[Start of section]
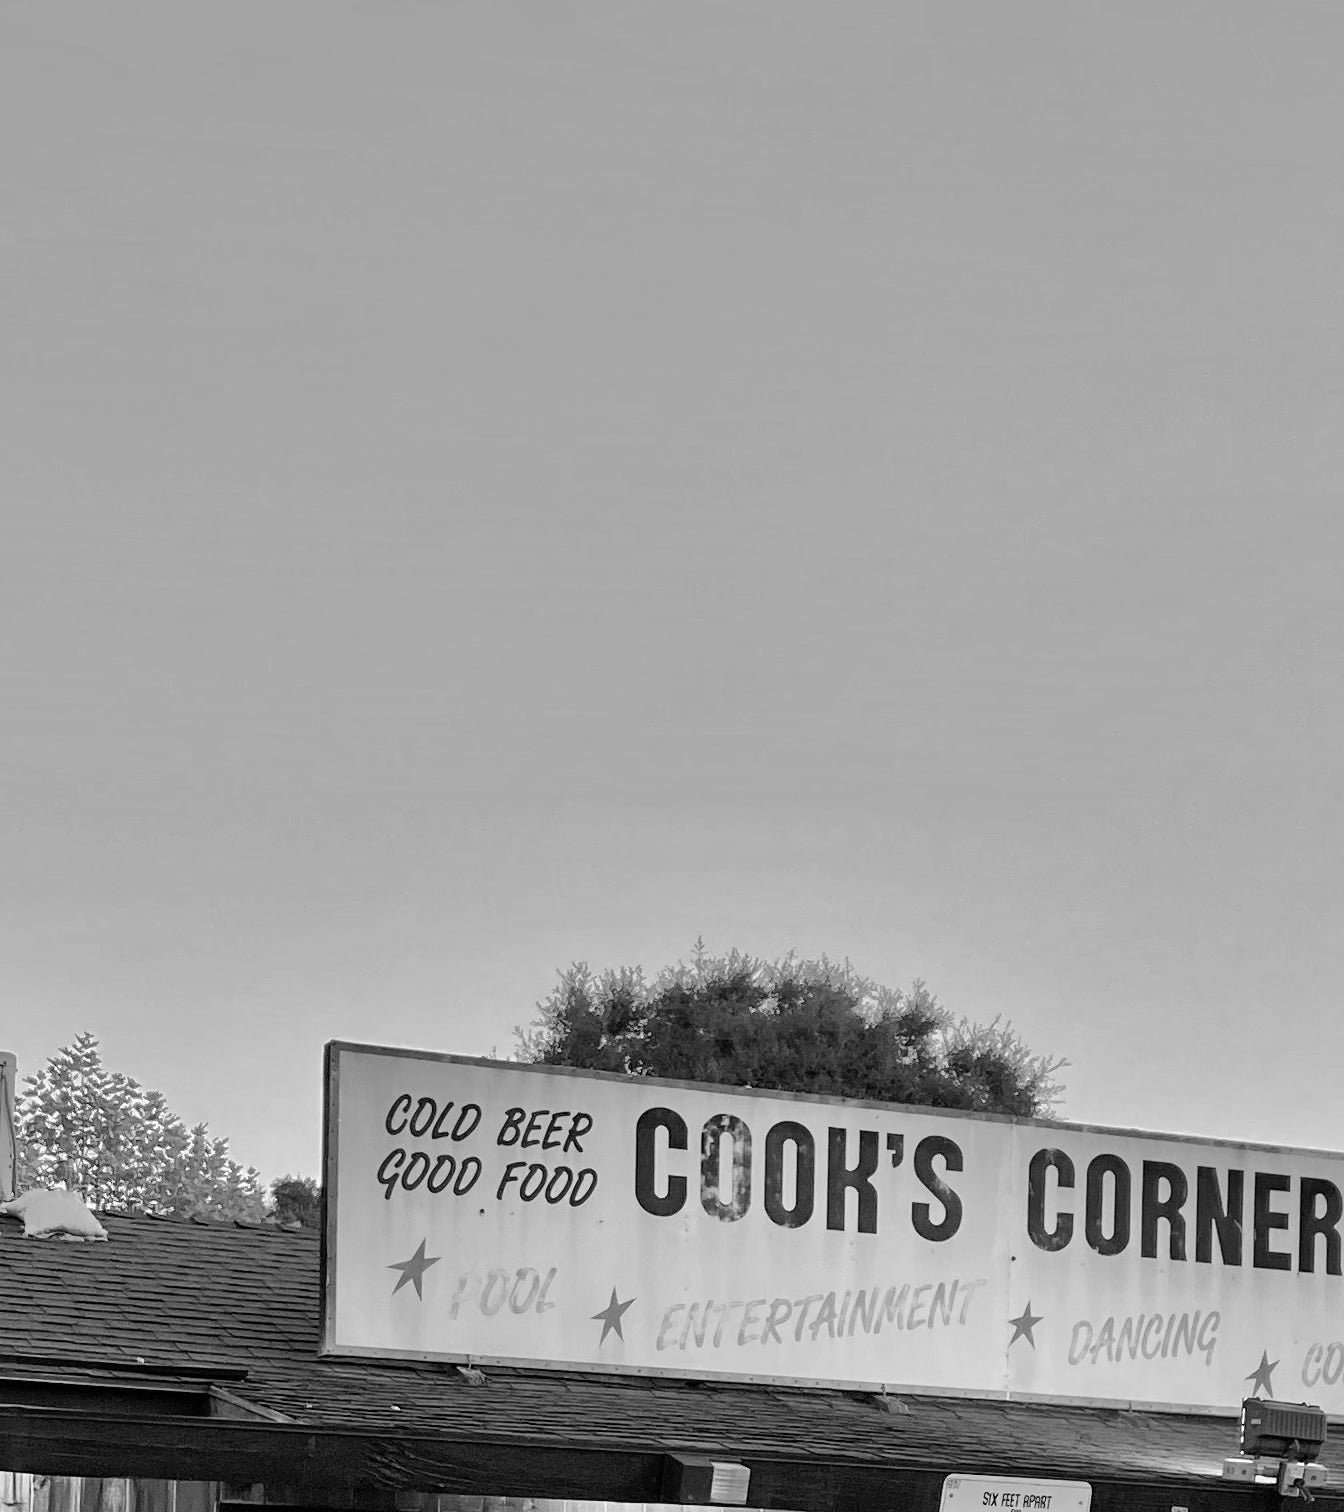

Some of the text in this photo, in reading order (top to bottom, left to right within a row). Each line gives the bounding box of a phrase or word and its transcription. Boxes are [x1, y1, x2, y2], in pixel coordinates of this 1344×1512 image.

[385, 1093, 594, 1154] COLD BEER
[377, 1148, 599, 1207] GOOD FOOD
[635, 1106, 1344, 1276] COOK'S CORNER
[449, 1266, 559, 1320] POOL
[656, 1278, 990, 1351] ENTERTAINMENT
[1067, 1310, 1222, 1367] DANCING
[983, 1491, 1053, 1510] SIX FEET APART
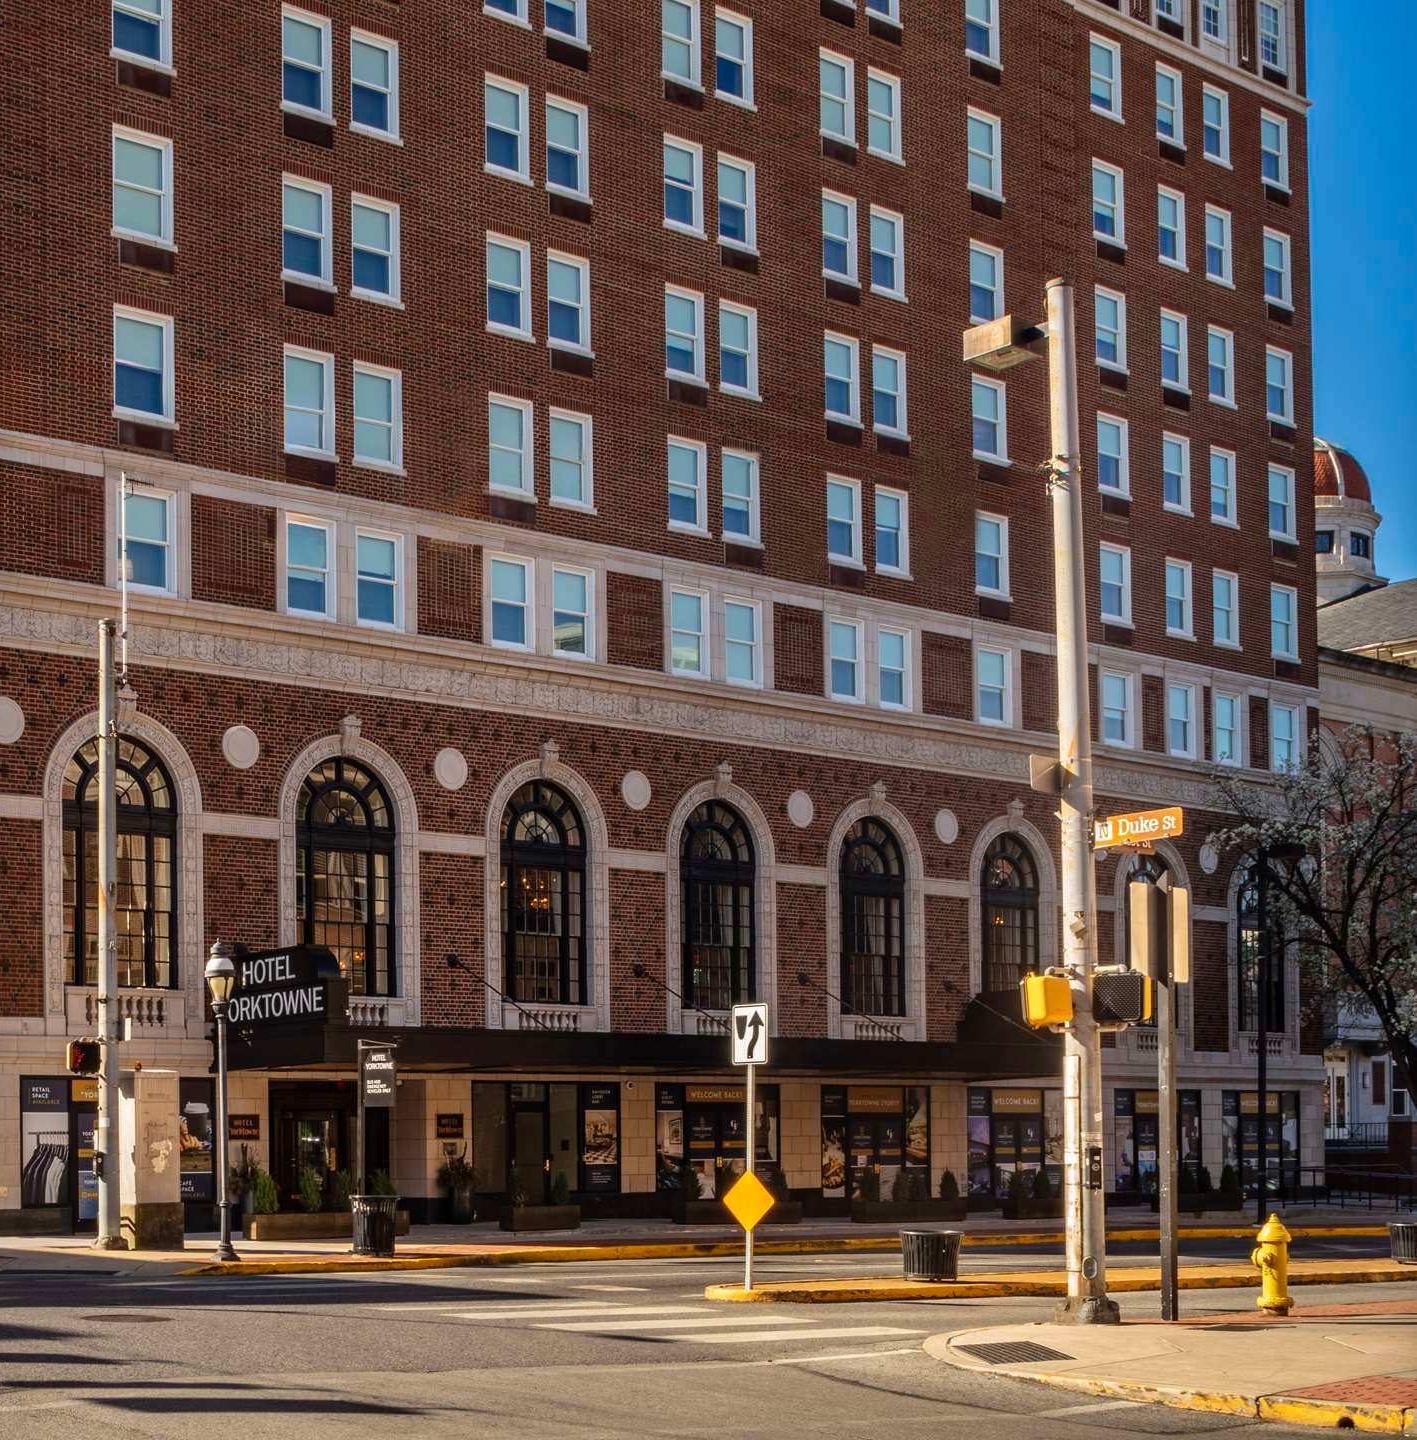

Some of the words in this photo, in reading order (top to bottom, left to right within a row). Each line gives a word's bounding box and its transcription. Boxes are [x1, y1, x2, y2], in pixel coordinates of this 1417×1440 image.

[1098, 822, 1109, 839] N
[1118, 816, 1159, 836] Duke
[1162, 815, 1177, 830] St
[242, 955, 296, 986] HOTEL
[228, 986, 324, 1022] ORKTOWNE
[365, 1062, 394, 1070] YORKTOWNE
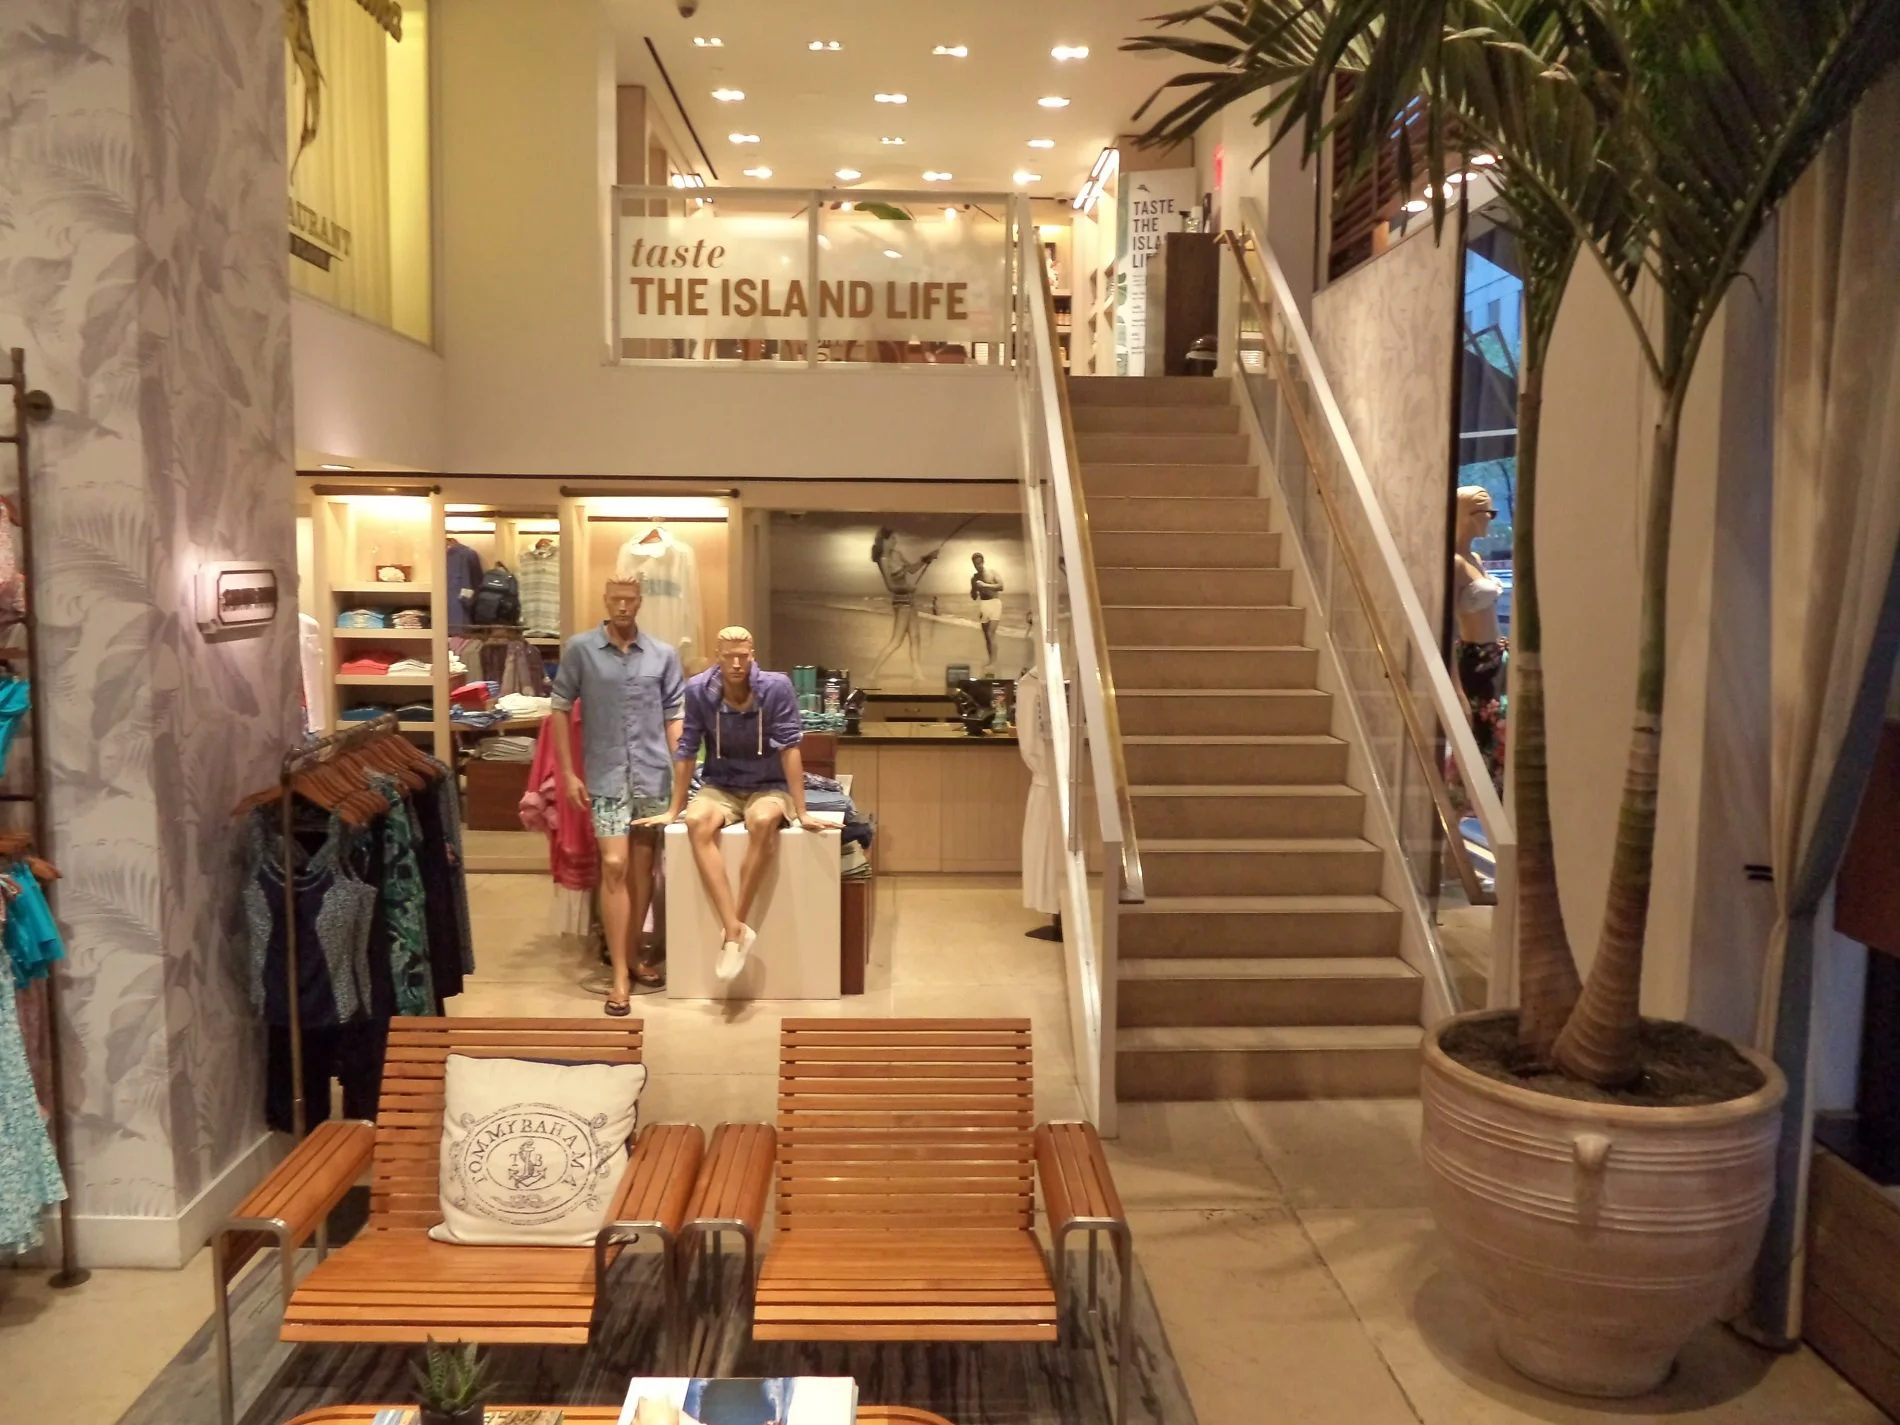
[End of section]
__TASK ITEM__. When you write out the material again, keep every word exact and omit the pictures.

__WRITTEN RESPONSE__.
Some of the text in this photo, in reading order (top to bottom, left to right within a row). Each line gives the bounding box of a phrase or word and its transcription. Boxes are [x1, y1, x2, y2], in pixel coordinates of this 1344×1512 image.

[385, 1093, 594, 1154] COLD BEER
[377, 1148, 599, 1207] GOOD FOOD
[635, 1106, 1344, 1276] COOK'S CORNER
[449, 1266, 559, 1320] POOL
[656, 1278, 990, 1351] ENTERTAINMENT
[1067, 1310, 1222, 1367] DANCING
[983, 1491, 1053, 1510] SIX FEET APART

Some of the words in this photo, in reading order (top to bottom, left to right within a row). Each line gives a word's bounding box and its transcription. Boxes are [x1, y1, x2, y2], in pixel coordinates of this 1417×1440 image.

[1098, 822, 1109, 839] N
[1118, 816, 1159, 836] Duke
[1162, 815, 1177, 830] St
[242, 955, 296, 986] HOTEL
[228, 986, 324, 1022] ORKTOWNE
[365, 1062, 394, 1070] YORKTOWNE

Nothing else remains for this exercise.